Contos de fadas para gente grande

sexta-feira, 24 de maio de 2013

Contos de fadas para gente grande


"Branca do Mortos e os Sete Zumbis" cria versões de terror para os contos de fada tradicionais popularizados pelos irmãos Grimm. O livro é escrito por Abu Fobiya, heterônimo "amargurado e pessimista" de Fábio Yabu, autor infantil conhecido por séries como "Princesas do Mar".

"O objetivo do heterônimo é não confundir as crianças e pais que leem meus outros livros", disse Yabu ao UOL. "O Fábio Yabu vai continuar escrevendo livros infantis, enquanto o 'Abu Fobiya', que em árabe e grego quer dizer 'pai do medo', vai assinar obras de terror voltadas para os adultos".

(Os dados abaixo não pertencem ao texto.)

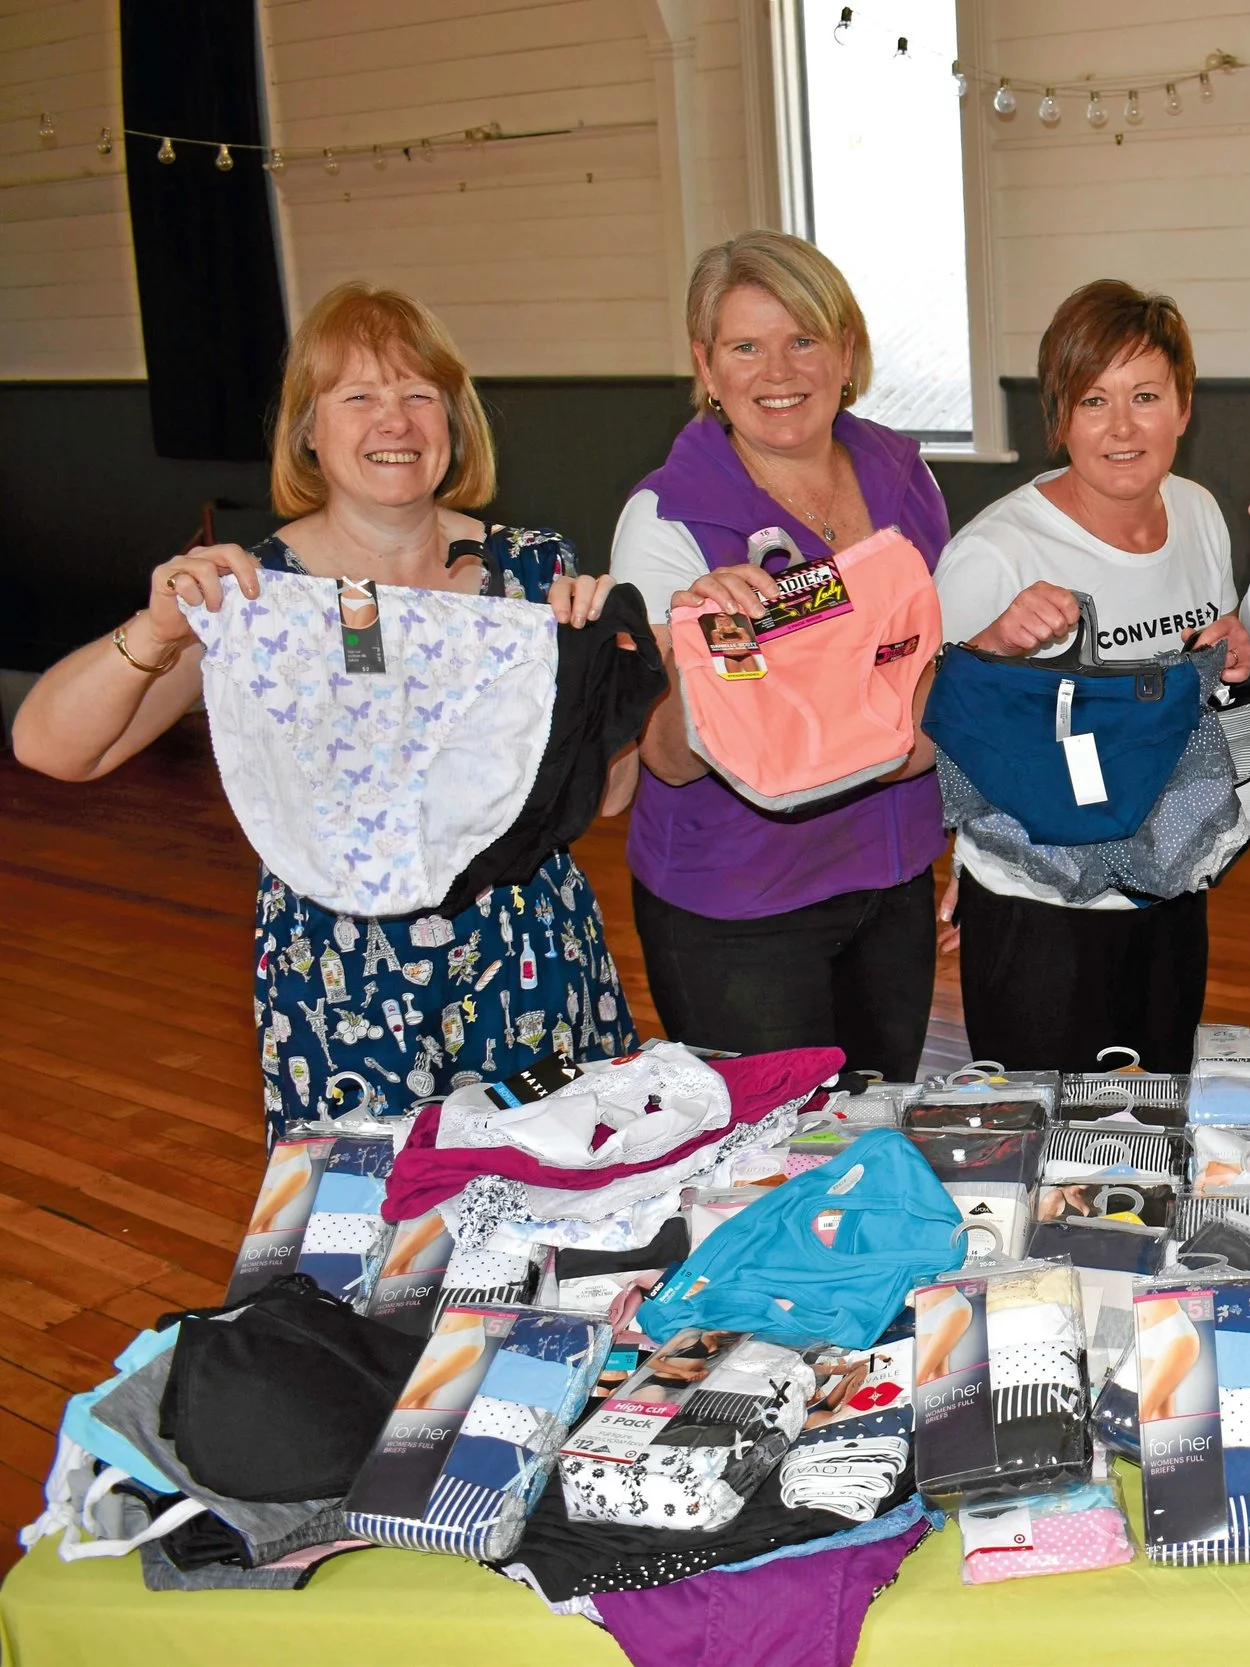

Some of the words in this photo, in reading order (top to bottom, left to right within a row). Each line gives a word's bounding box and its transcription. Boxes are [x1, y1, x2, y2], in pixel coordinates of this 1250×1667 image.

[760, 529, 770, 537] 16
[814, 579, 843, 608] Lady
[1098, 608, 1206, 649] CONVERSE
[520, 1070, 549, 1097] MAXX
[244, 1245, 268, 1260] for
[269, 1243, 296, 1257] her
[239, 1267, 260, 1275] BRIEFS
[241, 1260, 268, 1268] WOMENS
[380, 1289, 402, 1302] for
[403, 1285, 434, 1298] her
[650, 1281, 665, 1297] anko
[377, 1301, 406, 1310] WOMENS
[406, 1299, 421, 1307] FULL
[1187, 1300, 1203, 1319] 5
[375, 1308, 396, 1316] BRIEFS
[486, 1319, 504, 1334] 5
[924, 1389, 948, 1410] for
[952, 1381, 983, 1401] her
[614, 1402, 644, 1414] High
[645, 1405, 668, 1414] cut
[925, 1404, 956, 1419] WOMENS
[957, 1398, 976, 1408] FULL
[601, 1415, 611, 1424] 5
[613, 1417, 656, 1429] Pack
[924, 1412, 949, 1425] BRIEFS
[391, 1424, 417, 1440] for
[417, 1424, 451, 1441] her
[387, 1440, 418, 1448] WOMENS
[573, 1438, 594, 1450] $12
[1148, 1437, 1175, 1457] for
[1178, 1434, 1213, 1451] her
[1150, 1456, 1185, 1468] WOMENS
[1186, 1454, 1205, 1463] FULL
[1150, 1465, 1176, 1475] BRIEFS
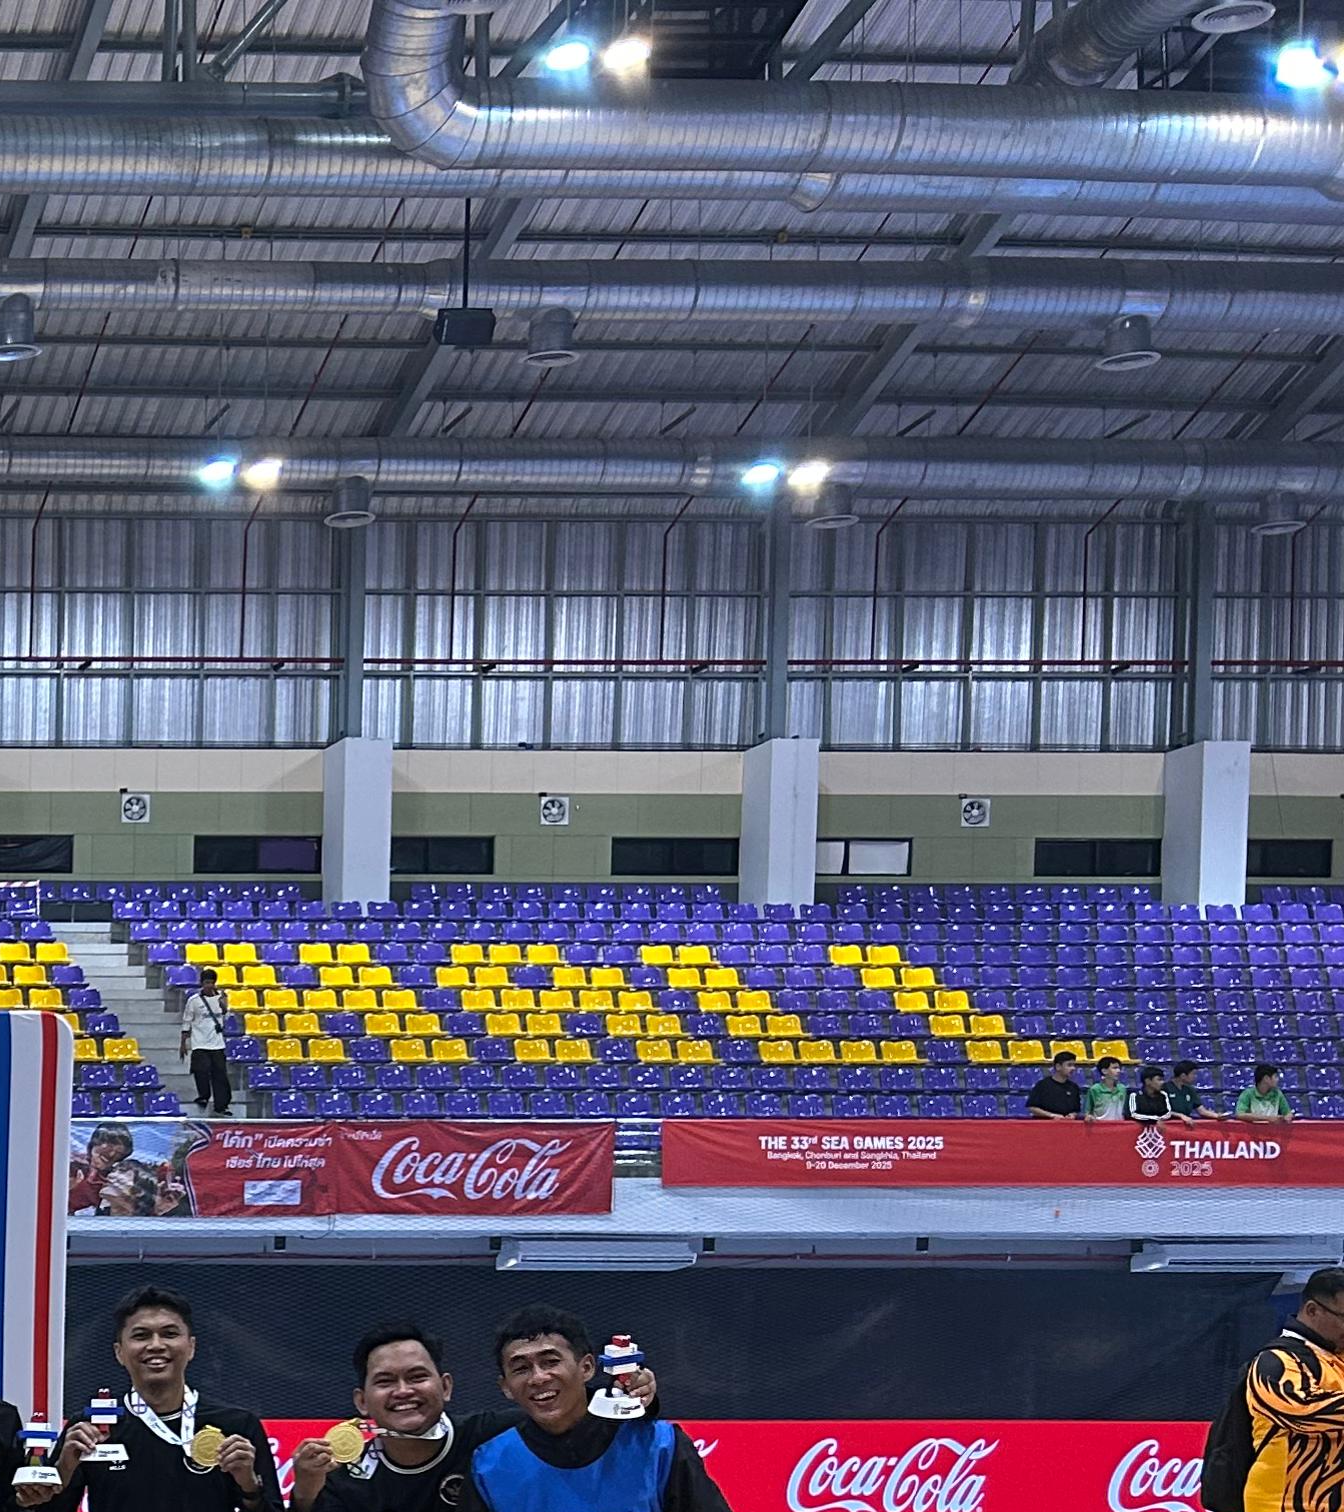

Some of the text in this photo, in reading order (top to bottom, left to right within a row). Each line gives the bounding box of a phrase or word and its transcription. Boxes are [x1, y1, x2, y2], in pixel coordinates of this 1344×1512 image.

[759, 1136, 787, 1150] THE
[821, 1137, 849, 1150] SEA
[853, 1137, 904, 1150] GAMES
[907, 1136, 944, 1150] 2025
[1170, 1141, 1281, 1159] THAILAND
[371, 1136, 567, 1200] Coca-Cola
[1170, 1161, 1212, 1176] 2025

O escritor Neil Gaiman, citado pelo autor como uma de suas influências, escreveu em uma de suas coletâneas a história de Branca de Neve do ponto de vista da madrasta, retratando Branca como uma criatura monstruosa e vampiresca que seduz o rei. Gaiman disse que o efeito desejado é que sua versão se torne uma espécie de vírus que infecte a mente do leitor e o impeça de pensar na história original com a mesma inocência de antes.

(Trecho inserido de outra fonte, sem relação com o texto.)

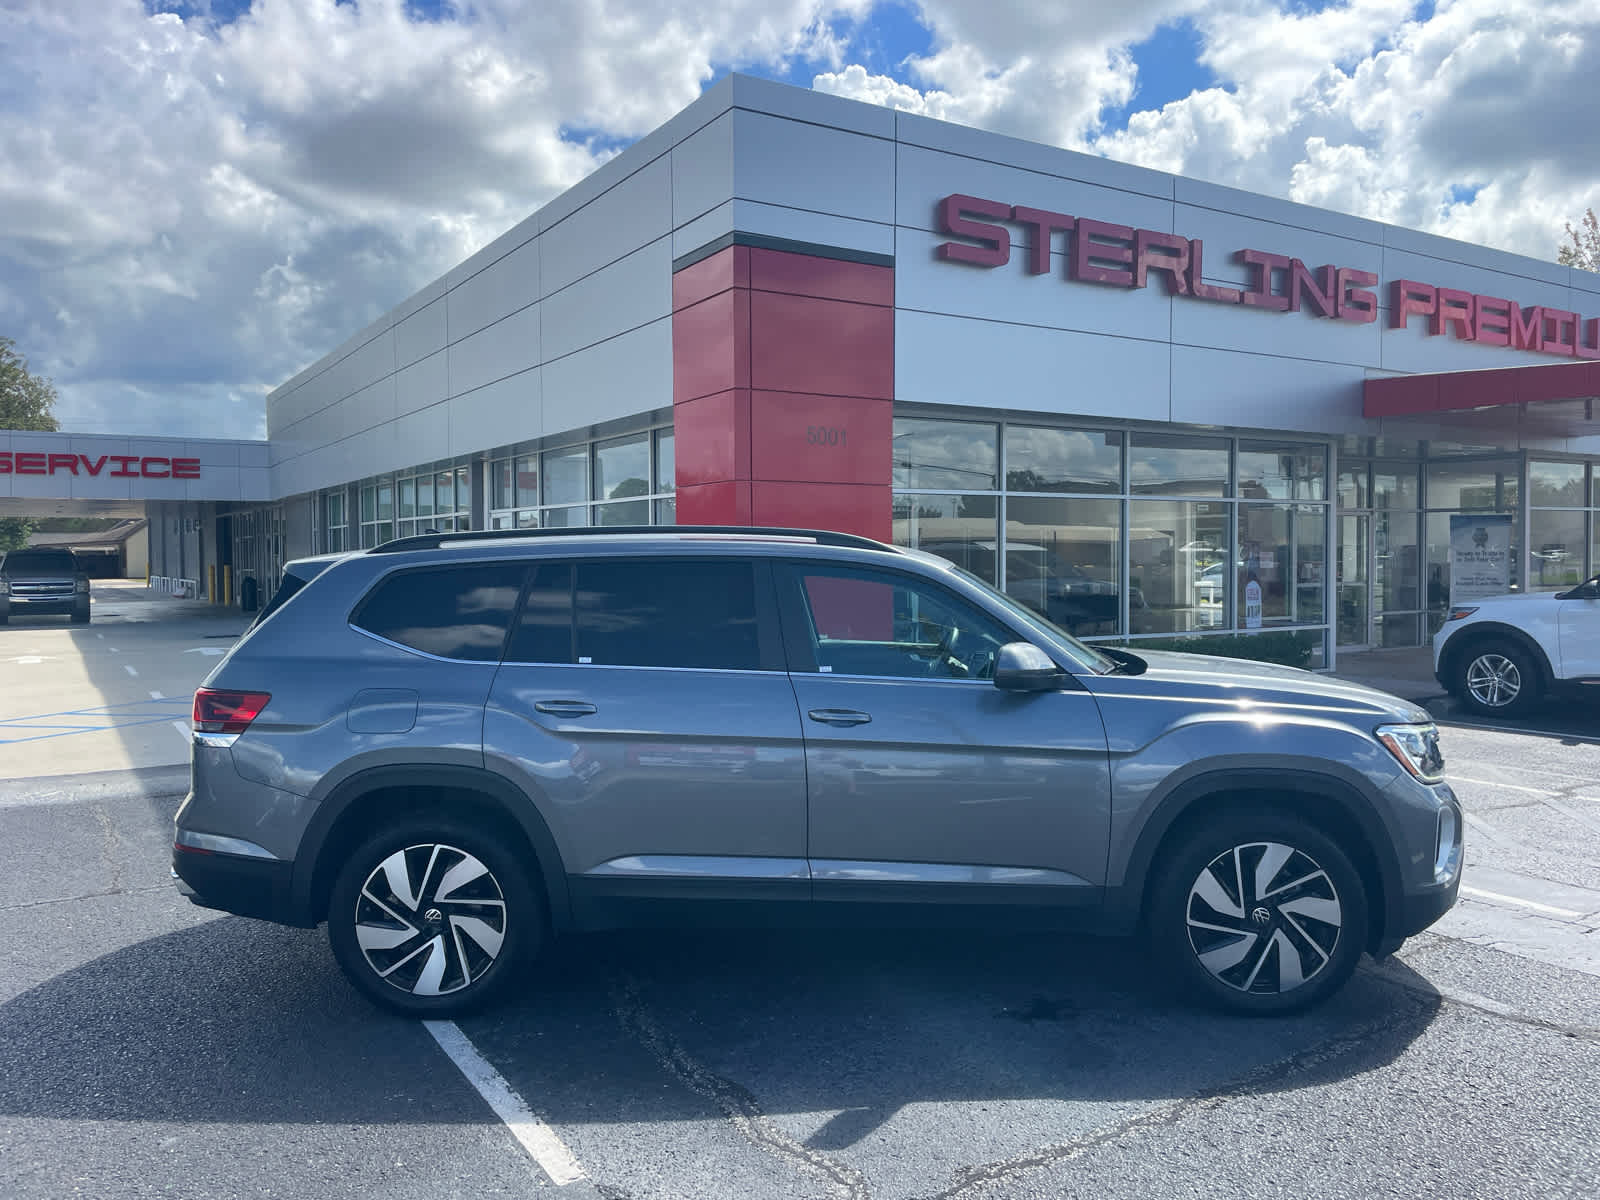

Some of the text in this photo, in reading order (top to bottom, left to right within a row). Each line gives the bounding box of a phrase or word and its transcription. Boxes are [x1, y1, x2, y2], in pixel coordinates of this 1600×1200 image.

As ilustrações de "Branca dos Mortos" por Michel Borges ajudam a compor a atmosfera do livro


Efeito semelhante é extrapolado por Yabu para histórias como Cinderela, Rapunzel, Bela Adormecida e Chapéuzinho Vermelho. Yabu minimiza esse tipo de "infecção", no entanto. "A minha versão da Branca de Neve na verdade é uma fração de um universo muito maior, que nem poderia macular os contos de fadas originais até porque eles são versões bem tenebrosas também".

Pelo título "Branca dos Mortos e os 7 Zumbis", o leitor pode achar que Yabu deu um tratamento semelhante a "Orgulho e Preconceito e Zumbis", em que trechos da história de Jane Austen são modificados. O livro de contos de Yabu funciona mais como variações de um mesmo tema, em que o autor pode se distanciar e se aproximar da história conforme deseja para ter um resultado ao mesmo tempo novo e familiar.

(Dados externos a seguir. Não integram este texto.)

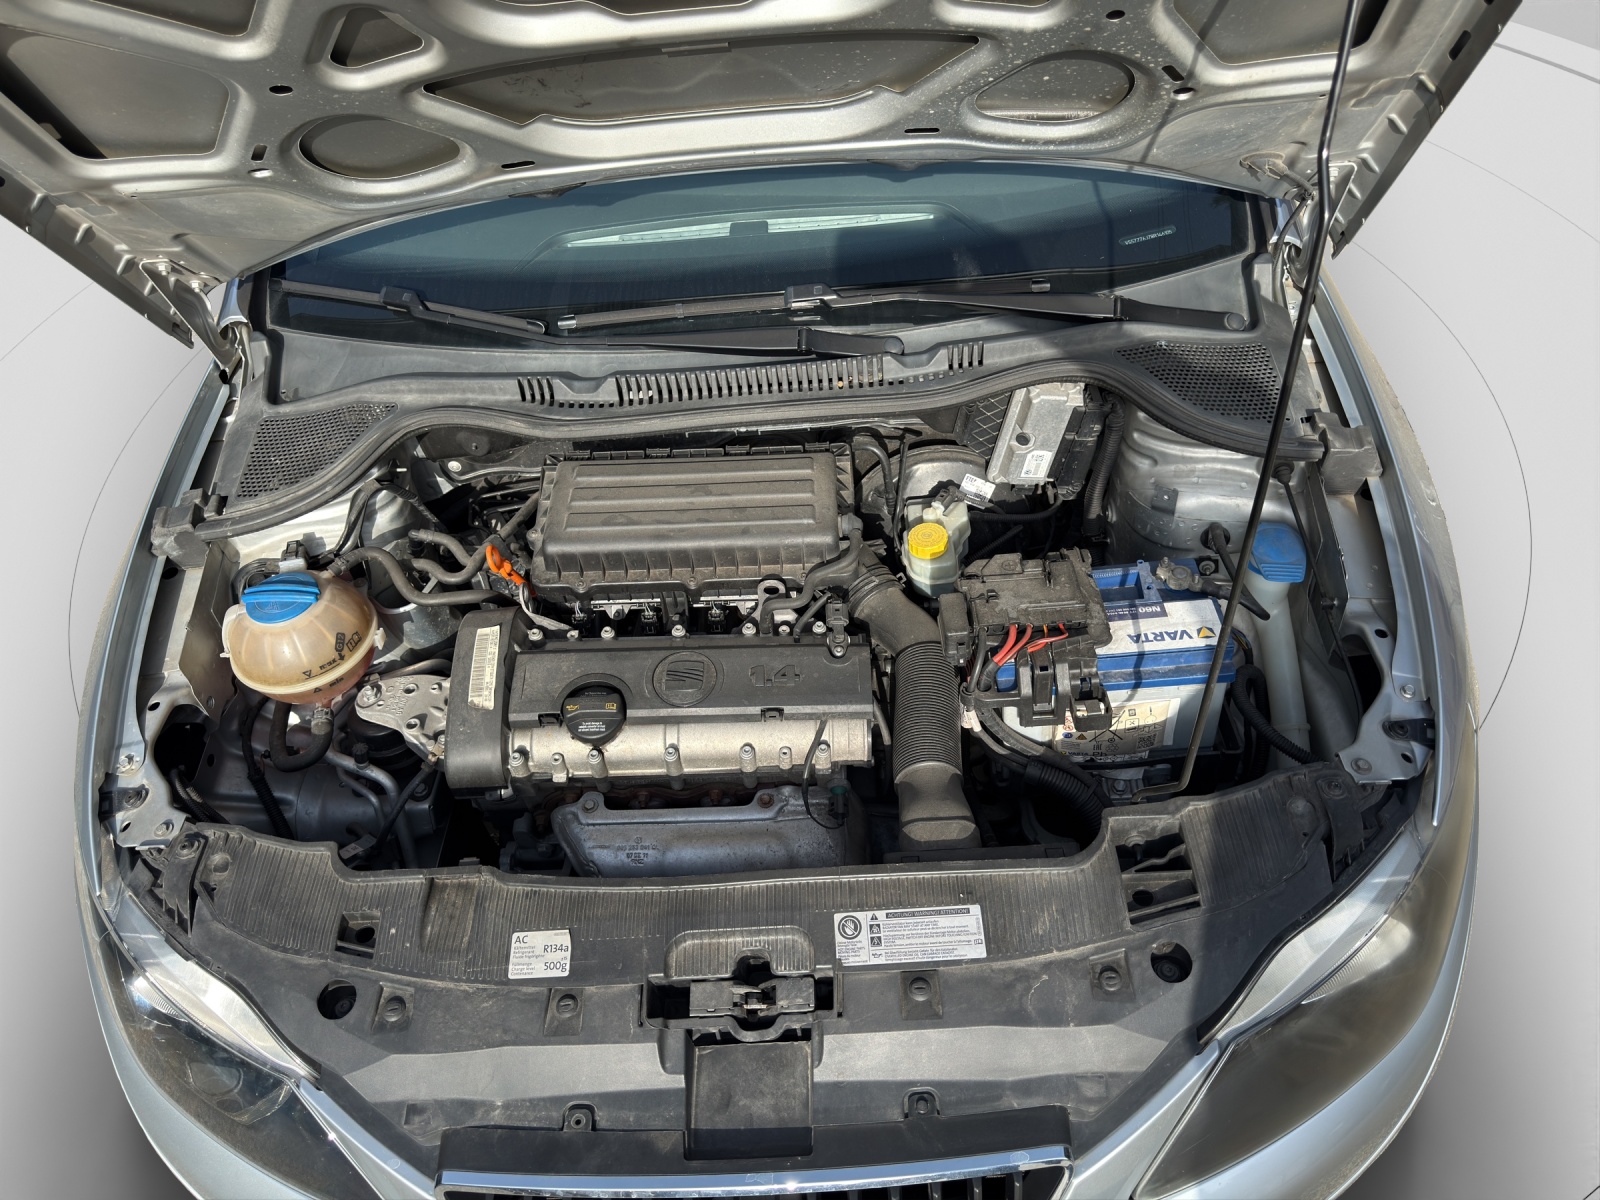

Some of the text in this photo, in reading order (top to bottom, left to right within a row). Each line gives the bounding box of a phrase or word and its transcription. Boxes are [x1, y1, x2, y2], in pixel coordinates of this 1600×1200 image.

[1138, 605, 1161, 613] N60
[1127, 629, 1194, 644] VARTA
[319, 658, 337, 671] max
[748, 664, 801, 687] 1.4
[329, 677, 345, 688] min
[514, 935, 528, 944] AC
[543, 944, 569, 953] R134a
[543, 961, 568, 973] 500g

Apesar da linguagem mais infantil típica dos contos da carochinha, vemos logo nos primeiros textos que Yabu deixou mesmo as princesas no fundo do mar. Flagelações e amputações são descritas com detalhes dignos de filmes de horror B e as ilustrações de cada conto - algumas bem perturbadoras - ajudam formar durante a leitura uma tensão desesperadora, claustrofóbica e sombria.

Metade da diversão está em começar a ler e imaginar onde o conto do livro vai começar a divergir do original. Em alguns casos a vítima da historinha é quem se torna o monstro. Em outros, a revelação final da identidade do protagonista faz o conto inteiro fazer sentido, como quando o culpado é descoberto em uma história detetivesca.

Ajuda bastante também o fato de que Yabu conhece bastante suas referências com literatura de terror. Temas recorrentes são a culpa típica de Poe, o medo do desconhecido de Lovecraft e a atmosfera onírica de Gaiman. Conhecimento de nenhum autor é necessário para apreciar o livro, mas os fãs vão apreciar as referências e homenagens que pipocam pelo texto.

Os contos também são interrelacionados. Personagens de um aparecem como coadjuvantes em outros ou são mencionados em tom de lenda. Isso ajuda a criar a ilusão de que elas fazem parte de um mundo coeso, como se as histórias fossem o resultado de uma tradição cultural ao invés de inventadas por um autor.

"Branca dos Mortos e os Sete Zumbis" parece um artefato borgiano, um objeto de um universo paralelo que de alguma forma atravessou as rachaduras da realidade para cair no nosso. Talvez um livro de historinhas usado para torturar crianças antes de dormir em um mundo um pouco mais infernal que o nosso.